Stored records
• • • • •

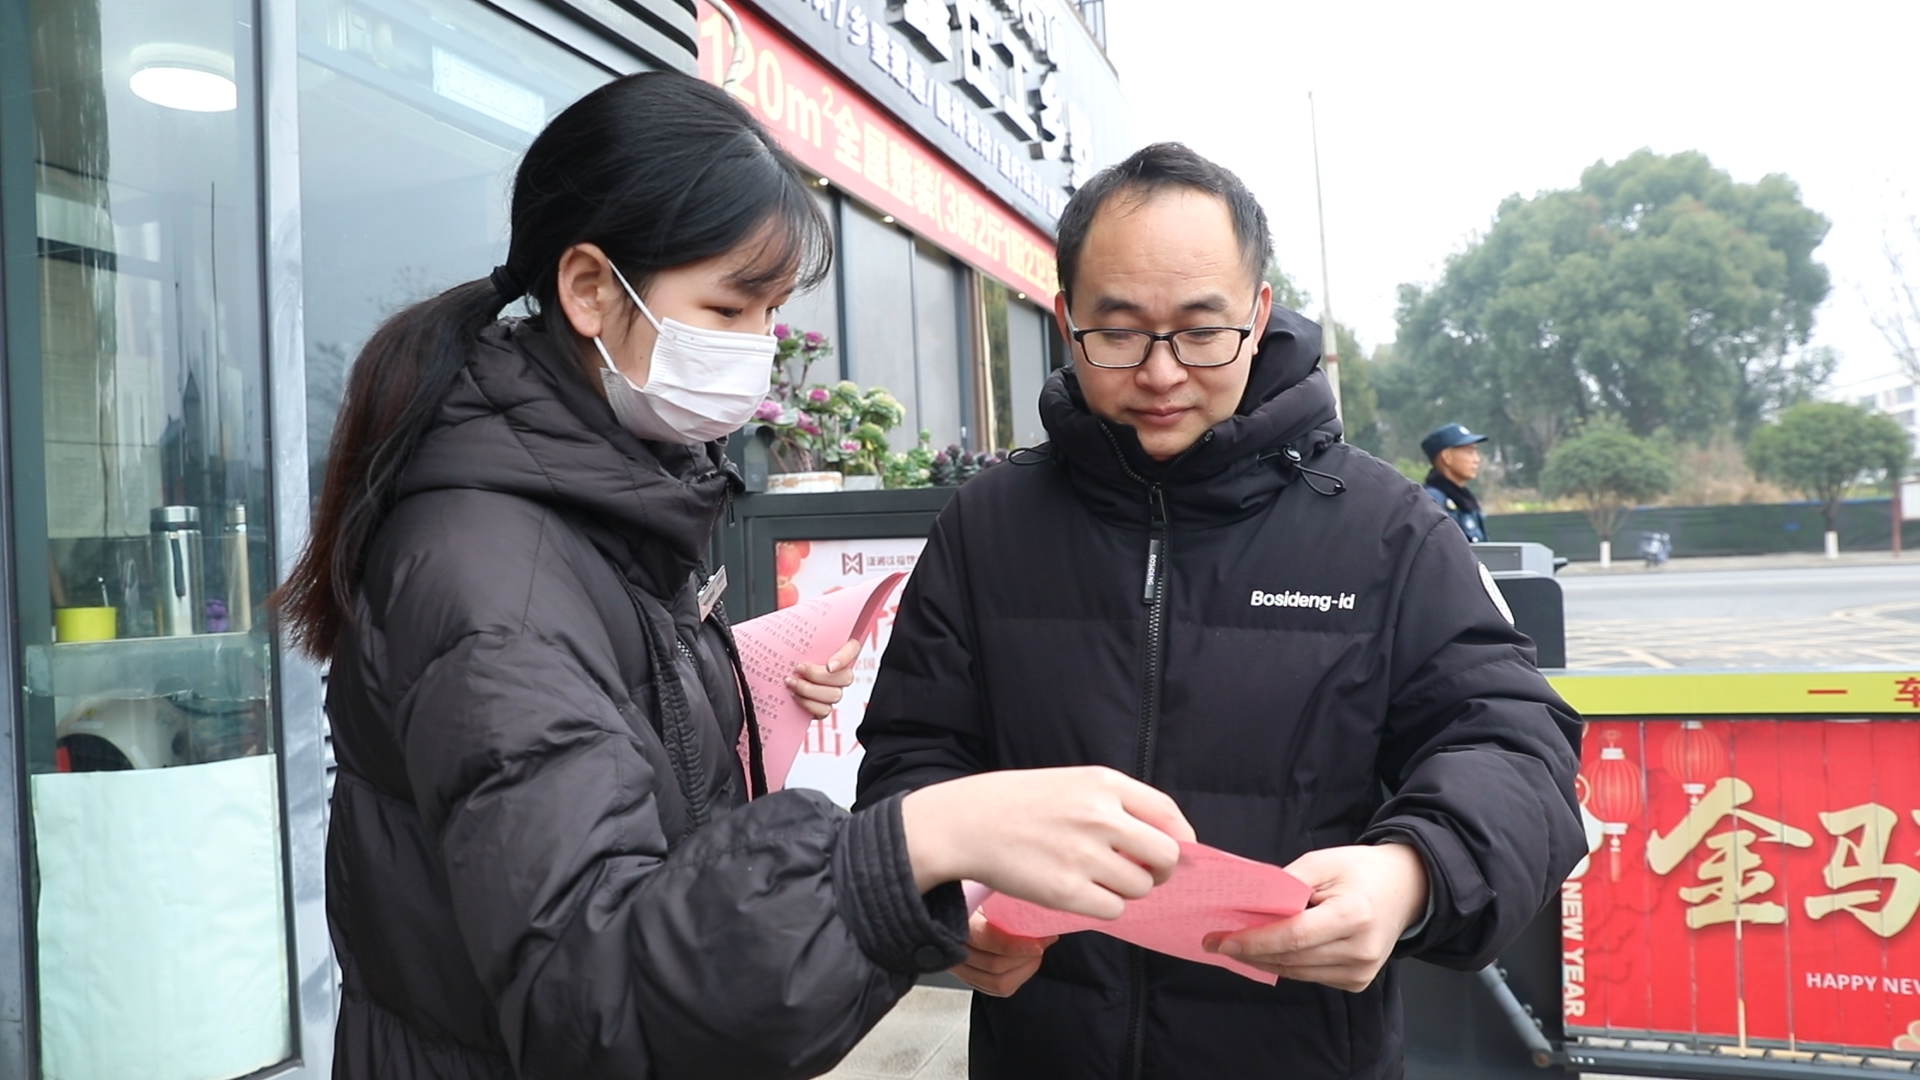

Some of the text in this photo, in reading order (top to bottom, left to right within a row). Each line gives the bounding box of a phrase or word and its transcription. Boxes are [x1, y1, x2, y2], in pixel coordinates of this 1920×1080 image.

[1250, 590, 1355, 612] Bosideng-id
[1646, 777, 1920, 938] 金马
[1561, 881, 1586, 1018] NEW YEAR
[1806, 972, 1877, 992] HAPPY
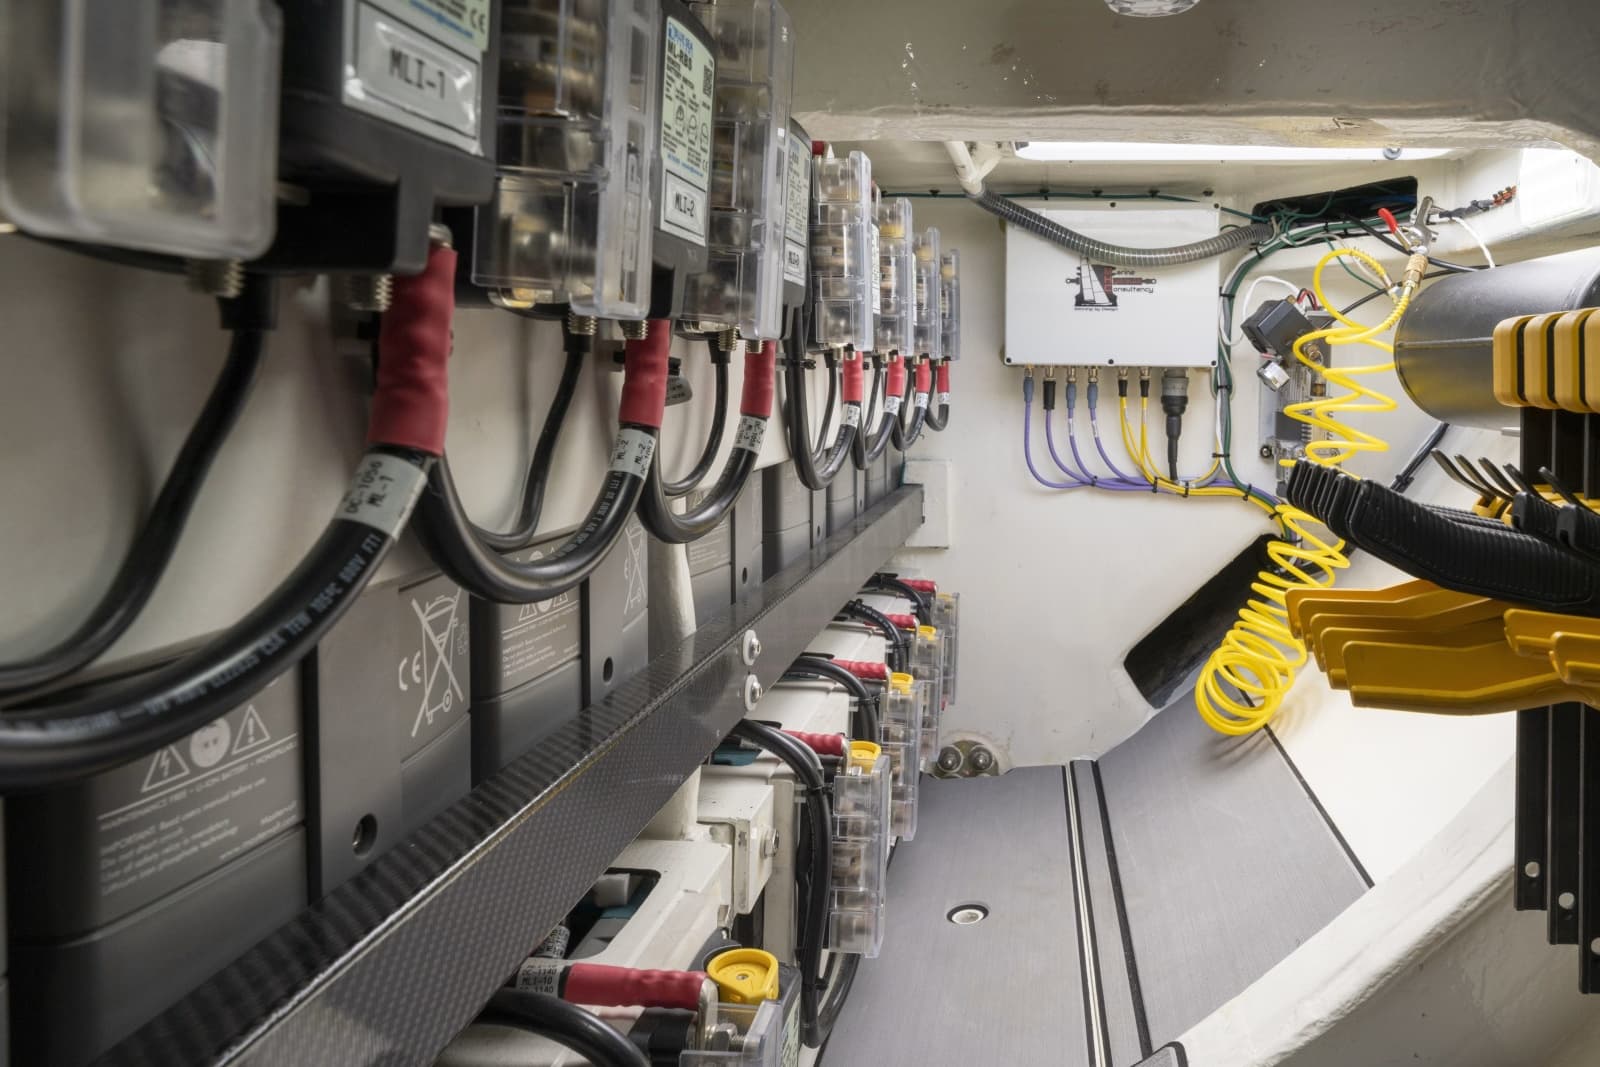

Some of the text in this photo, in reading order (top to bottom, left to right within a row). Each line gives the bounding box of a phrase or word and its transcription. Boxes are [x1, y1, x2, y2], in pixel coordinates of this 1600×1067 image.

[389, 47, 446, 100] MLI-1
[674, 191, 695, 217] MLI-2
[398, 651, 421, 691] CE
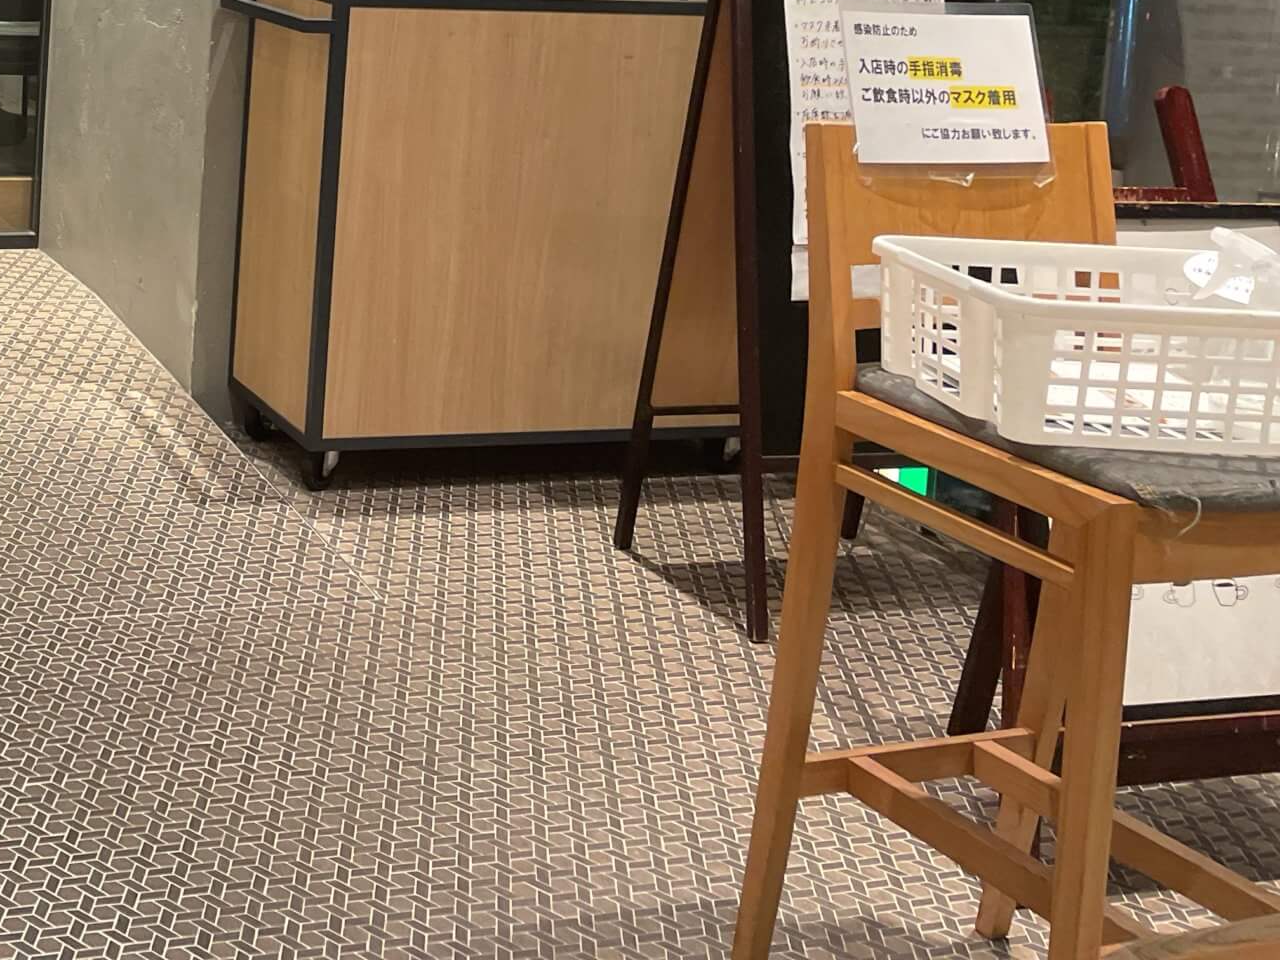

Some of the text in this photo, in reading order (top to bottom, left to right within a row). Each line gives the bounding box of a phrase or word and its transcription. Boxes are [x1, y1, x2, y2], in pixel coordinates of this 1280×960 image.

• • • • •

WHAT YOU WILL DO => Please set down the lines from the one with "this 1600×1067 image." to the end of the entries above, exactly as they are, and drop every picture.

ANSWER SPACE =>
Some of the text in this photo, in reading order (top to bottom, left to right within a row). Each line gives the bounding box of a phrase or word and its transcription. Boxes are [x1, y1, x2, y2], in pixel coordinates of this 1600×1067 image.

[389, 47, 446, 100] MLI-1
[674, 191, 695, 217] MLI-2
[398, 651, 421, 691] CE

Some of the text in this photo, in reading order (top to bottom, left to right within a row). Each line gives the bounding box of a phrase or word and its transcription. Boxes are [x1, y1, x2, y2], in pixel coordinates of this 1280×960 image.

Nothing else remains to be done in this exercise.